Même si elle reste très ésotérique pour le grand public, la mécanique quantique peut sans doute être considérée, avec la relativité générale, comme la plus grande avancée scientifique de toute l’histoire de l’Humanité, tant elle a bouleversé notre connaissance de la matière et au-delà notre conception du réel et de la nature. Il faut rappeler que c’est l’immense scientifique allemand Max Planck (prix Nobel de physique 1918) qui fut à l’origine de cette avancée majeure à la fin du XIXe siècle.
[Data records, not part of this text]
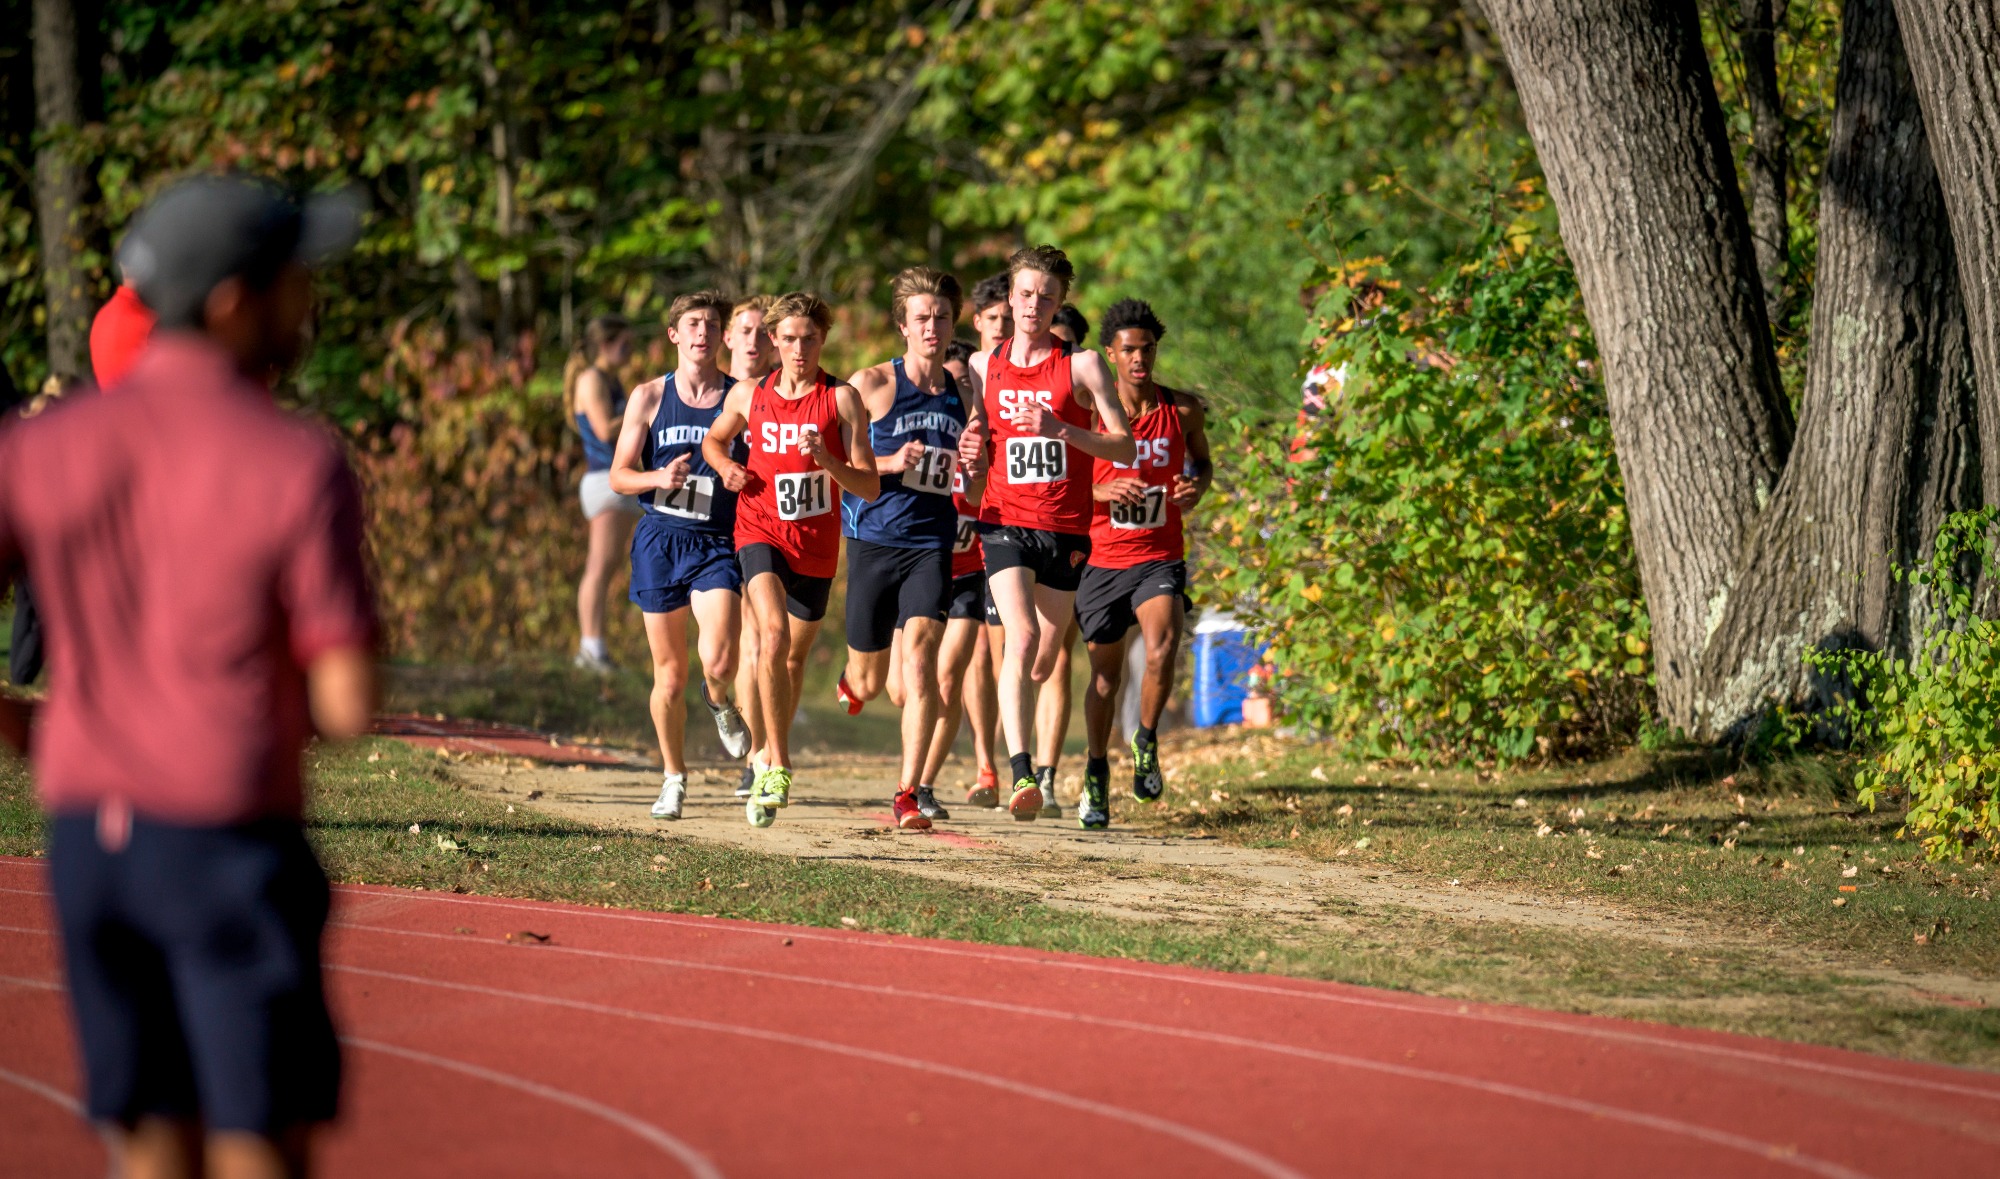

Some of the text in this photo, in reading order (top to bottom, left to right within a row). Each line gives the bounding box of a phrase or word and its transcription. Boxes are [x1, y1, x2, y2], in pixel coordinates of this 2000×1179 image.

[892, 411, 964, 442] ANDOVE
[919, 451, 952, 489] 13
[1009, 441, 1063, 479] 349
[1112, 437, 1170, 469] PS
[665, 479, 698, 513] 21
[778, 474, 826, 515] 341
[1112, 491, 1164, 525] 367
En travaillant sur la question, encore énigmatique à l’époque, du rayonnement électromagnétique du corps noir, Planck formula en 1899 la célèbre constante qui porte son nom et à la fin de l’année 1900, il proposa devant la société de physique de Berlin la notion révolutionnaire de « quanta ».

Cette hypothèse postulait que les échanges d’énergie entre le rayonnement électromagnétique d’un corps noir et les parois du four utilisé pour chauffer ce corps, ne se faisaient pas de manière continue, comme le pensaient l’immense majorité des physiciens de l’époque, mais par paquets quantifiés et discontinus qui étaient toujours des multiples entiers d’une quantité minimale d’énergie. Albert Einstein comprit immédiatement l’immense portée de cette découverte et complétera cette théorie en 1905 pour décrire l’effet photoélectrique.

Il fallut cependant attendre décembre 1927 et le très célèbre congrès « Solvay », qui réunit à Bruxelles l’élite de la physique mondiale, pour que la théorie quantique telle que nous la connaissons aujourd’hui soit constituée, notamment grâce aux travaux d’une dizaine de physiciens de génie, parmi lesquels on retrouve Einstein, Bohr, De Broglie, Dirac, Schrödinger et Heisenberg. C’est toujours en 1927 qu’Heisenberg formula son célèbre principe d’incertitude qui montre qu’il est impossible de connaître simultanément et avec précision, la vitesse et la position d’une particule. Mais le plus surprenant, explique Heisenberg, c’est que cette impossibilité ne tient ni au caractère incomplet de la théorie quantique, ni à l’imperfection des instruments de mesure utilisés. Il s’agit bien d’une limite ontologique et épistémologique absolue à notre capacité de décrire et de connaître le réel.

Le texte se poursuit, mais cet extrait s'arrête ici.